И сразу понял, что не напрасно, не напрасно поехал, когда вышел из такси возле Стефановского училища. Вокруг выросли двенадцатиэтажные дома, но здание училища осталось прежним — тот же розово-красный неоштукатуренный кирпич, зубчатые бордюры под крышей, железные карнизы, встроенный в правое крыло восьмигранный шатер часовни Стефана Великопермского.

— Пойдемте, покажу вам наш музей, — сказала Майя Антоновна.

На первом этаже, в вестибюле, она открыла боковую дверь, пропустила Семченко в комнату, сумрачную от плотных штор, сказав, что раньше здесь была швейцарская, но он уже и так вспомнил это полукруглое окно, низкий сводчатый потолок: в двадцатом году здесь размещалось правление клуба «Эсперо», хранились архив и библиотека.

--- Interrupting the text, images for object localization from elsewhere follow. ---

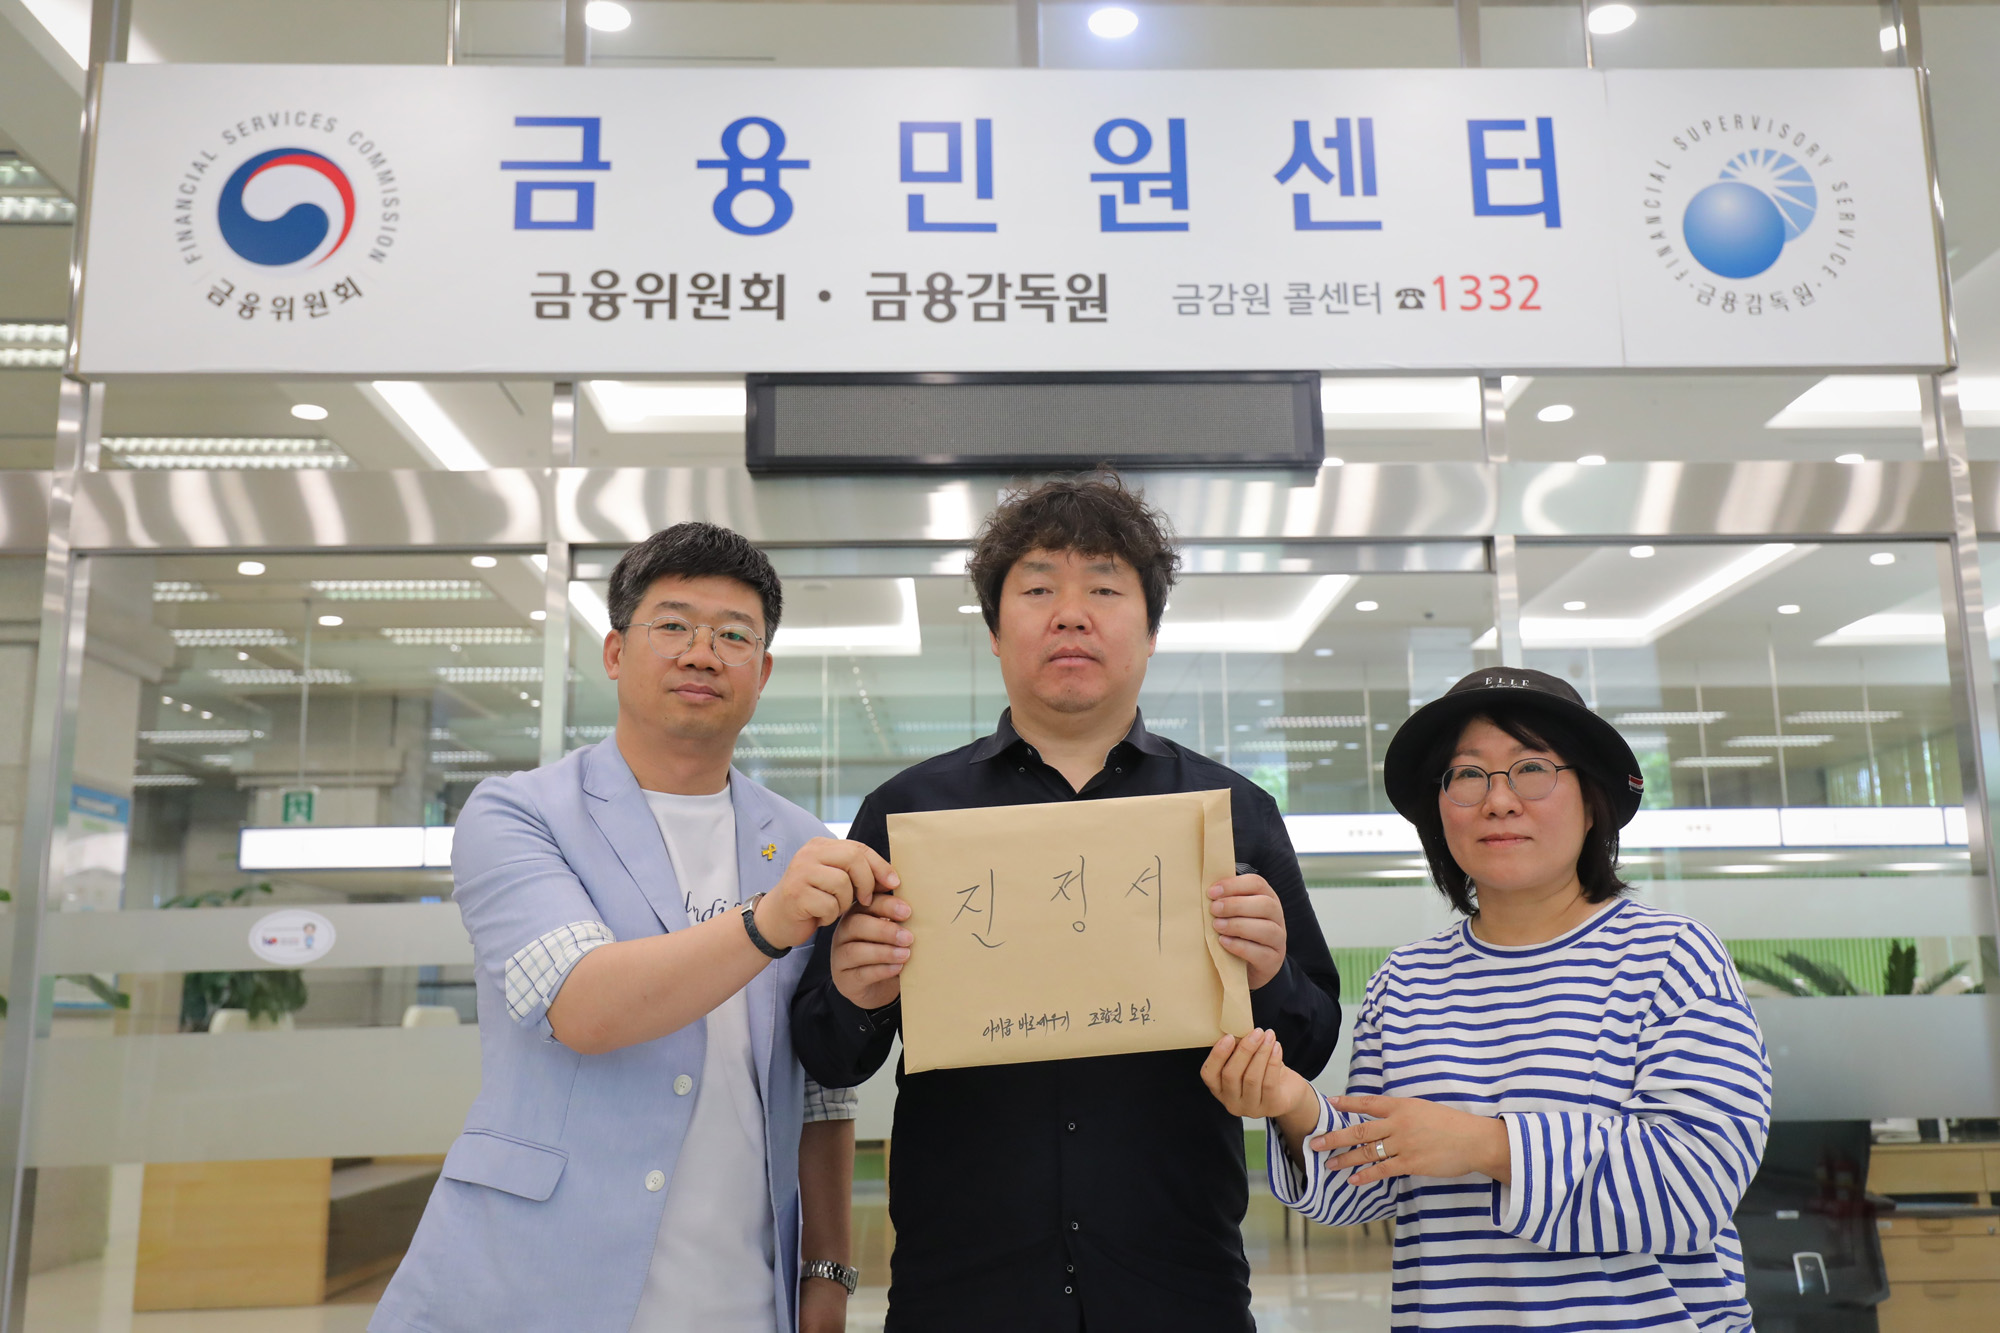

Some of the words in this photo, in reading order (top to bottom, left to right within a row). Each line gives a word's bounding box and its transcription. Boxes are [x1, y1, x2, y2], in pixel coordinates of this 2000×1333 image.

[175, 149, 218, 266] FINANCIAL
[221, 111, 338, 145] SERVICES
[348, 130, 400, 264] COMMISSION
[1643, 159, 1689, 282] FINANCIAL
[1673, 114, 1832, 168] SUPERVISORY
[1821, 180, 1856, 280] SERVICE
[206, 275, 364, 321] 금융위원회
[530, 269, 785, 321] 금융위원회
[866, 271, 1108, 322] 금융감독원
[1172, 281, 1271, 316] 금감원
[1284, 281, 1382, 316] 콜센터
[1432, 274, 1542, 312] 1332
[1696, 281, 1816, 316] 금융감독원
[1485, 676, 1530, 687] ELLE

Ему приходилось бывать в школьных музеях, и здесь все было то же самое: планшеты на стенах, за стеклом витрины немецкая каска, ствол СВТ, россыпь проржавевших патронов. Лист ватмана под ними пожелтел, скоробился, и Семченко, как это часто бывало с ним в последние годы, вспомнил окопы сорок первого, нестойкий слитный запах пороховой гари, талого снега и раскаленной латуни, который иногда мерещился теперь в начале почечного приступа.

На видном месте висел большой портрет Чкалова — писан маслом, но узнать все-таки можно. Под ним, на тумбочке, старинный самовар без крышки.

— Наша школа носит имя Чкалова, — объяснила Майя Антоновна. — Мы собираем воспоминания о нем, встречаемся с людьми, лично знавшими Валерия Павловича.

Семченко кивнул на самовар:

— Его собственный?

— К сожалению, нет. Это подарок человека, который видел Чкалова.

— Да-а! — Семченко нахально пристукнул палкой по самовару. — Он бы вам еще подштанники свои подарил. Тоже реликвия!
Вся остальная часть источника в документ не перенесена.